Odum School of Ecology, University of Georgia, Athens, Georgia, United States of America.
Center for the Ecology of Infectious Diseases, University of Georgia, Athens, Georgia, United States of America.
PLoS Biol. 2020 May 20;18(5):e3000697. doi: 10.1371/journal.pbio.3000697. eCollection 2020 May.

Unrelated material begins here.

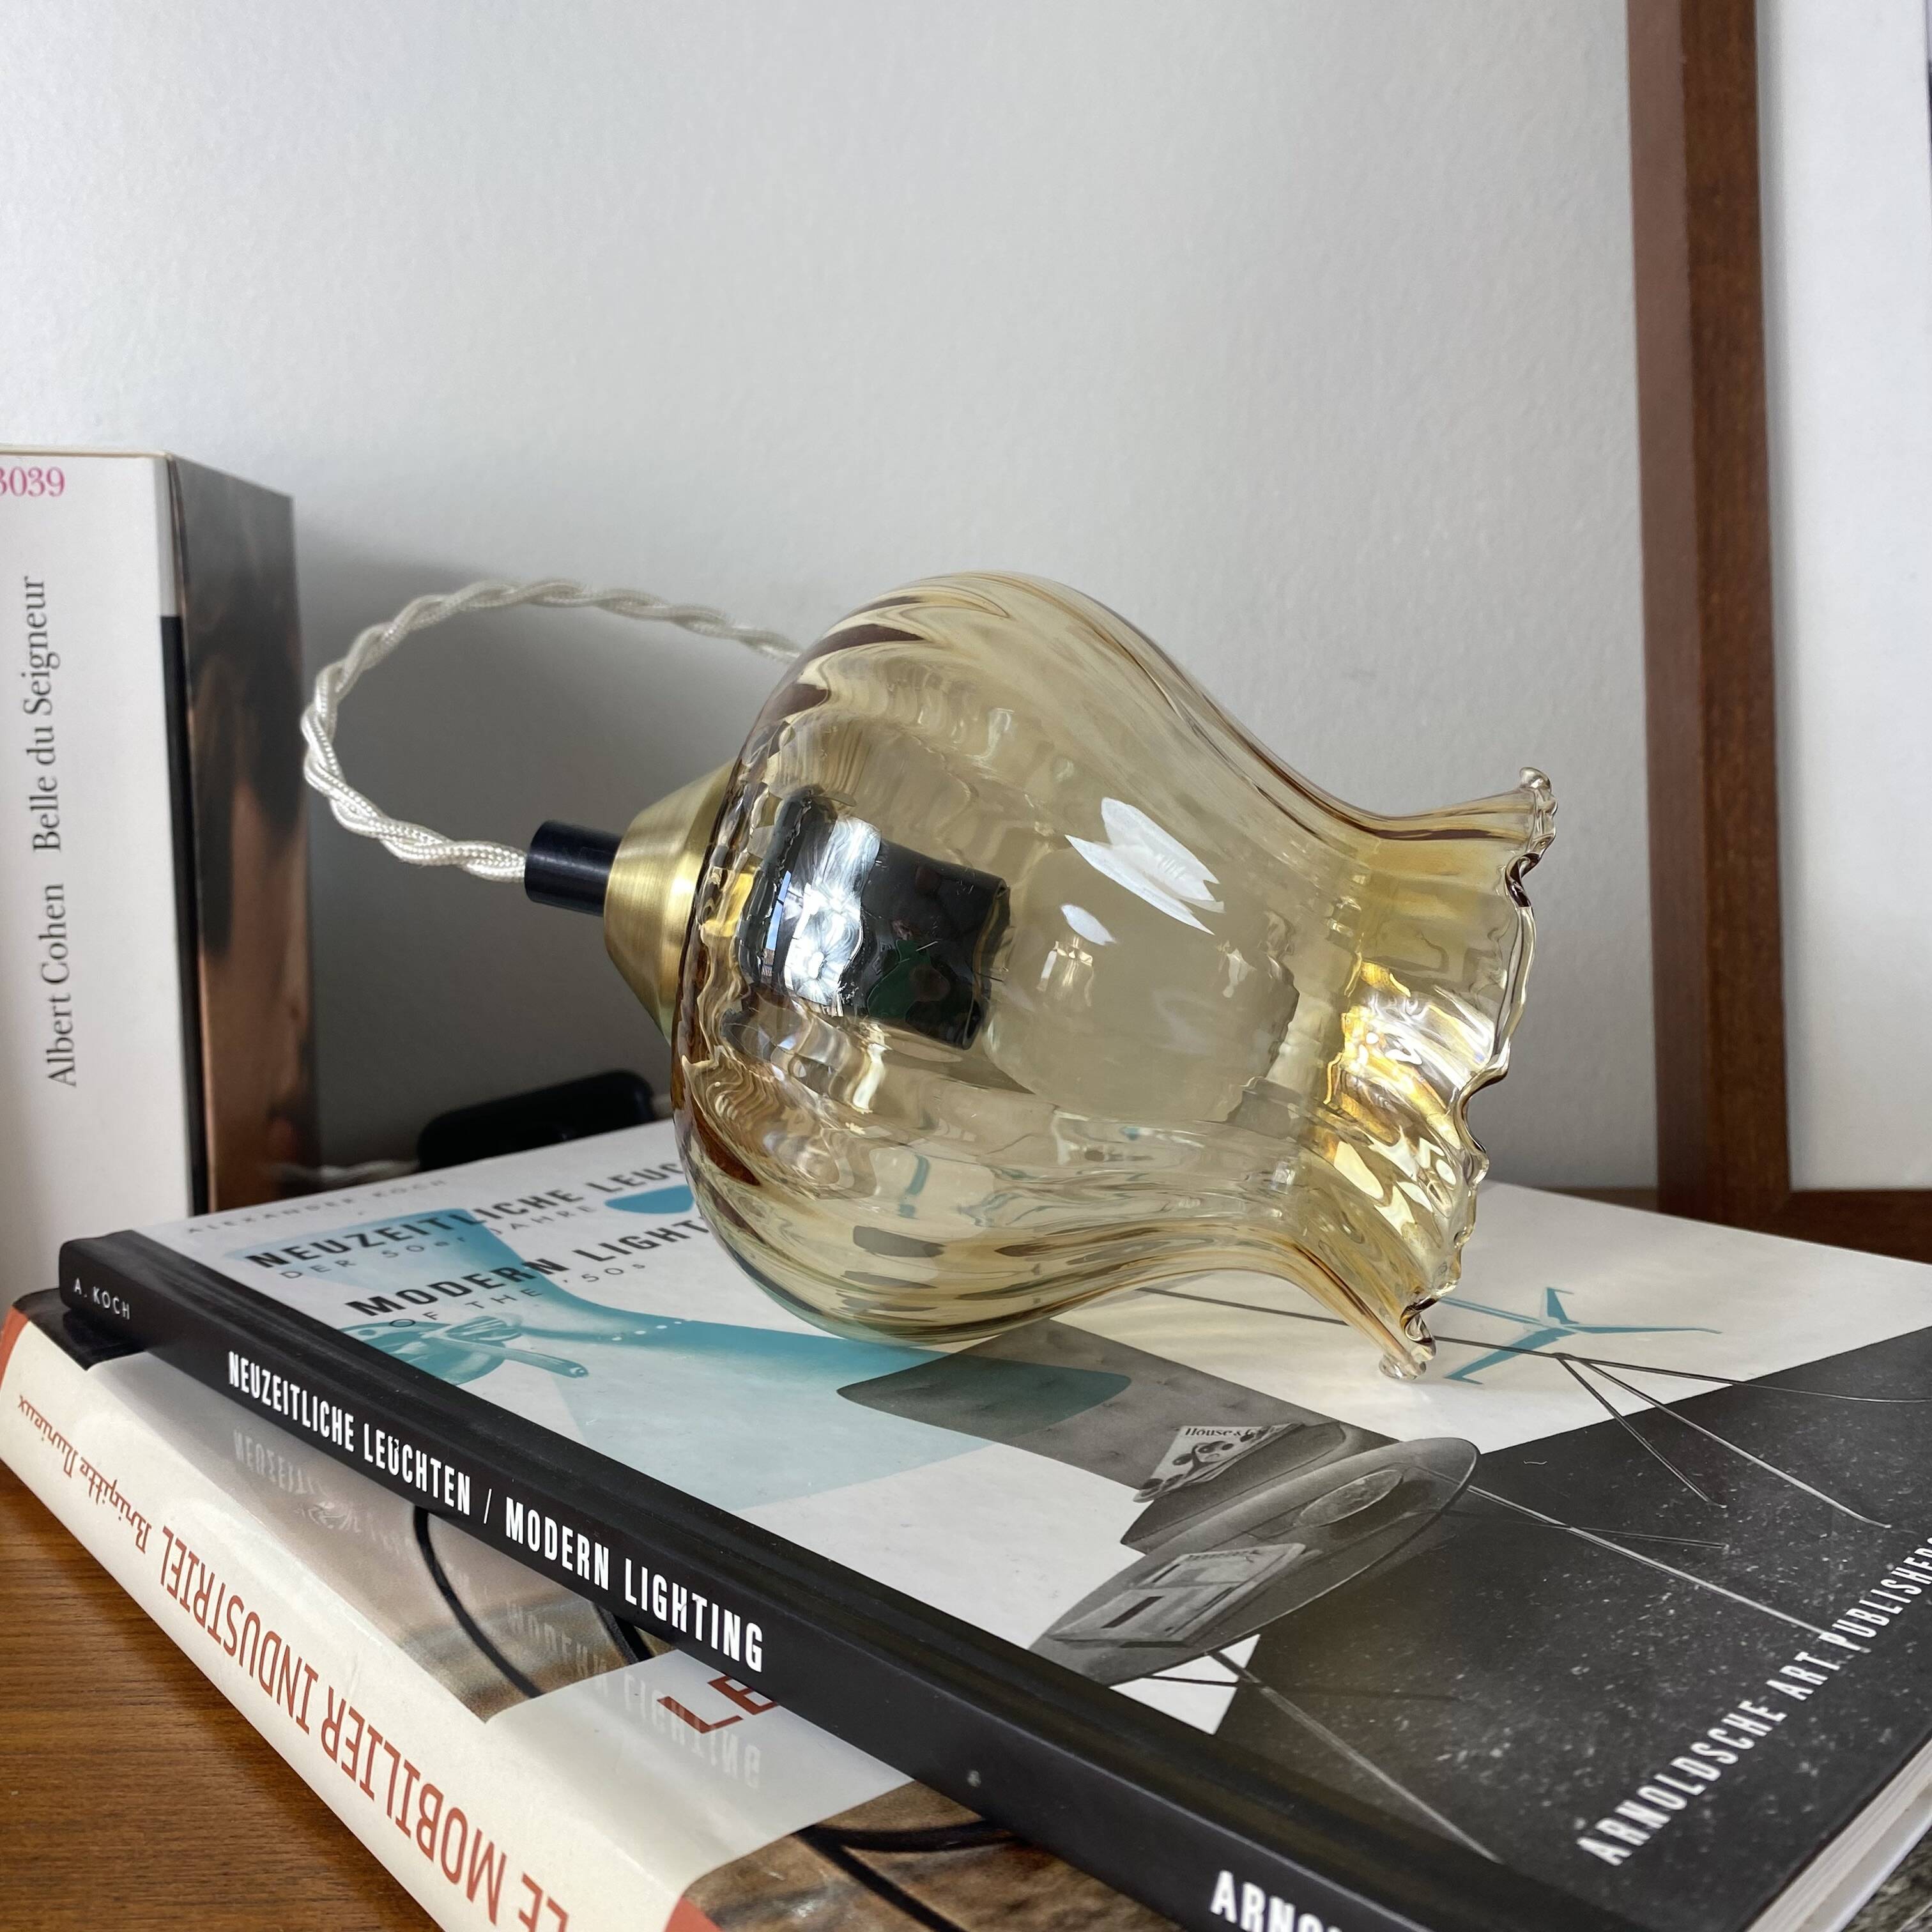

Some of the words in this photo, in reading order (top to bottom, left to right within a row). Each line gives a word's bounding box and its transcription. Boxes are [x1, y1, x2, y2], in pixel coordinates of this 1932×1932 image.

Developing methods for anticipating the emergence or reemergence of infectious diseases is both important and timely; however, traditional model-based approaches are stymied by uncertainty surrounding the underlying drivers. Here, we demonstrate an operational, mechanism-agnostic detection algorithm for disease (re-)emergence based on early warning signals (EWSs) derived from the theory of critical slowing down. Specifically, we used computer simulations to train a supervised learning algorithm to detect the dynamical footprints of (re-)emergence present in epidemiological data. Our algorithm was then challenged to forecast the slowly manifesting, spatially replicated reemergence of mumps in England in the mid-2000s and pertussis post-1980 in the United States. Our method successfully anticipated mumps reemergence 4 years in advance, during which time mitigation efforts could have been implemented. From 1980 onwards, our model identified resurgent states with increasing accuracy, leading to reliable classification starting in 1992. Additionally, we successfully applied the detection algorithm to 2 vector-transmitted case studies, namely, outbreaks of dengue serotypes in Puerto Rico and a rapidly unfolding outbreak of plague in 2017 in Madagascar. Taken together, these findings illustrate the power of theoretically informed machine learning techniques to develop early warning systems for the (re-)emergence of infectious diseases.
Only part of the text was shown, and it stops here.